What is needed here is a verbatim copy of the records that follow.

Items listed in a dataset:
>>>>

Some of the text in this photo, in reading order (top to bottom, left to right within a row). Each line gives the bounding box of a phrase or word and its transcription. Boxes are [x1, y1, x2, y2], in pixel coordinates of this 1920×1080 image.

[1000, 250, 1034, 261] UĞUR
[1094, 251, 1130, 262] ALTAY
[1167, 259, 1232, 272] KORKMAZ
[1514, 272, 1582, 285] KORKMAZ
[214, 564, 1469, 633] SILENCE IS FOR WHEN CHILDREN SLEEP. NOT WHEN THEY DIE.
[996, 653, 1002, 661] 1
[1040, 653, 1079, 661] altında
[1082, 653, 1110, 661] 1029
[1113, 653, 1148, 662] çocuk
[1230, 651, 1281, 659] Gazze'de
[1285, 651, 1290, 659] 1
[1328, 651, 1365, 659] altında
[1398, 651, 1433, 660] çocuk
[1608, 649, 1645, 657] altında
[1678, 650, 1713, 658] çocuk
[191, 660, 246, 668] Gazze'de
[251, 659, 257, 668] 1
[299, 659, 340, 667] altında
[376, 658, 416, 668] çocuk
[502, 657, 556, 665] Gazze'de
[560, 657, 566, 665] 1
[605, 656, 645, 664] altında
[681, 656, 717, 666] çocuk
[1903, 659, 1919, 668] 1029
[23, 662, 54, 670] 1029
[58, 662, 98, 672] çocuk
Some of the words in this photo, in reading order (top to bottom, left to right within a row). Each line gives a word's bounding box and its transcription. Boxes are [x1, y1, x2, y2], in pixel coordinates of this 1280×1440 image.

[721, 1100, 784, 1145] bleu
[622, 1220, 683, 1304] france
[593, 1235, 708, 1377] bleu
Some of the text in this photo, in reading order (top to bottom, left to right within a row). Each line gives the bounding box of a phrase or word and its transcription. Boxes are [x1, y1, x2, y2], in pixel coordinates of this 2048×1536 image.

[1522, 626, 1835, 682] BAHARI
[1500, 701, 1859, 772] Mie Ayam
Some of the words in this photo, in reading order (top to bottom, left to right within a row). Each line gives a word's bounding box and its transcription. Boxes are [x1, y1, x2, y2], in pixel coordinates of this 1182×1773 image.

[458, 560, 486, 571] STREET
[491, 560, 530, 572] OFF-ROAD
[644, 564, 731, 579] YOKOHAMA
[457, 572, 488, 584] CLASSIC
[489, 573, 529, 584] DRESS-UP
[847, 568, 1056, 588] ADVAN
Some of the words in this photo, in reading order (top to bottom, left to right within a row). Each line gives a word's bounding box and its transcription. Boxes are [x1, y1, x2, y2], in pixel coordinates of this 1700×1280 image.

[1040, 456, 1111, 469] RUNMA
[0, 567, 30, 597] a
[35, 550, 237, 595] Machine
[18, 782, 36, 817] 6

<<<<

Response:
Some of the text in this photo, in reading order (top to bottom, left to right within a row). Each line gives the bounding box of a phrase or word and its transcription. Boxes are [x1, y1, x2, y2], in pixel coordinates of this 1920×1080 image.

[1000, 250, 1034, 261] UĞUR
[1094, 251, 1130, 262] ALTAY
[1167, 259, 1232, 272] KORKMAZ
[1514, 272, 1582, 285] KORKMAZ
[214, 564, 1469, 633] SILENCE IS FOR WHEN CHILDREN SLEEP. NOT WHEN THEY DIE.
[996, 653, 1002, 661] 1
[1040, 653, 1079, 661] altında
[1082, 653, 1110, 661] 1029
[1113, 653, 1148, 662] çocuk
[1230, 651, 1281, 659] Gazze'de
[1285, 651, 1290, 659] 1
[1328, 651, 1365, 659] altında
[1398, 651, 1433, 660] çocuk
[1608, 649, 1645, 657] altında
[1678, 650, 1713, 658] çocuk
[191, 660, 246, 668] Gazze'de
[251, 659, 257, 668] 1
[299, 659, 340, 667] altında
[376, 658, 416, 668] çocuk
[502, 657, 556, 665] Gazze'de
[560, 657, 566, 665] 1
[605, 656, 645, 664] altında
[681, 656, 717, 666] çocuk
[1903, 659, 1919, 668] 1029
[23, 662, 54, 670] 1029
[58, 662, 98, 672] çocuk
Some of the words in this photo, in reading order (top to bottom, left to right within a row). Each line gives a word's bounding box and its transcription. Boxes are [x1, y1, x2, y2], in pixel coordinates of this 1280×1440 image.

[721, 1100, 784, 1145] bleu
[622, 1220, 683, 1304] france
[593, 1235, 708, 1377] bleu
Some of the text in this photo, in reading order (top to bottom, left to right within a row). Each line gives the bounding box of a phrase or word and its transcription. Boxes are [x1, y1, x2, y2], in pixel coordinates of this 2048×1536 image.

[1522, 626, 1835, 682] BAHARI
[1500, 701, 1859, 772] Mie Ayam
Some of the words in this photo, in reading order (top to bottom, left to right within a row). Each line gives a word's bounding box and its transcription. Boxes are [x1, y1, x2, y2], in pixel coordinates of this 1182×1773 image.

[458, 560, 486, 571] STREET
[491, 560, 530, 572] OFF-ROAD
[644, 564, 731, 579] YOKOHAMA
[457, 572, 488, 584] CLASSIC
[489, 573, 529, 584] DRESS-UP
[847, 568, 1056, 588] ADVAN
Some of the words in this photo, in reading order (top to bottom, left to right within a row). Each line gives a word's bounding box and its transcription. Boxes are [x1, y1, x2, y2], in pixel coordinates of this 1700×1280 image.

[1040, 456, 1111, 469] RUNMA
[0, 567, 30, 597] a
[35, 550, 237, 595] Machine
[18, 782, 36, 817] 6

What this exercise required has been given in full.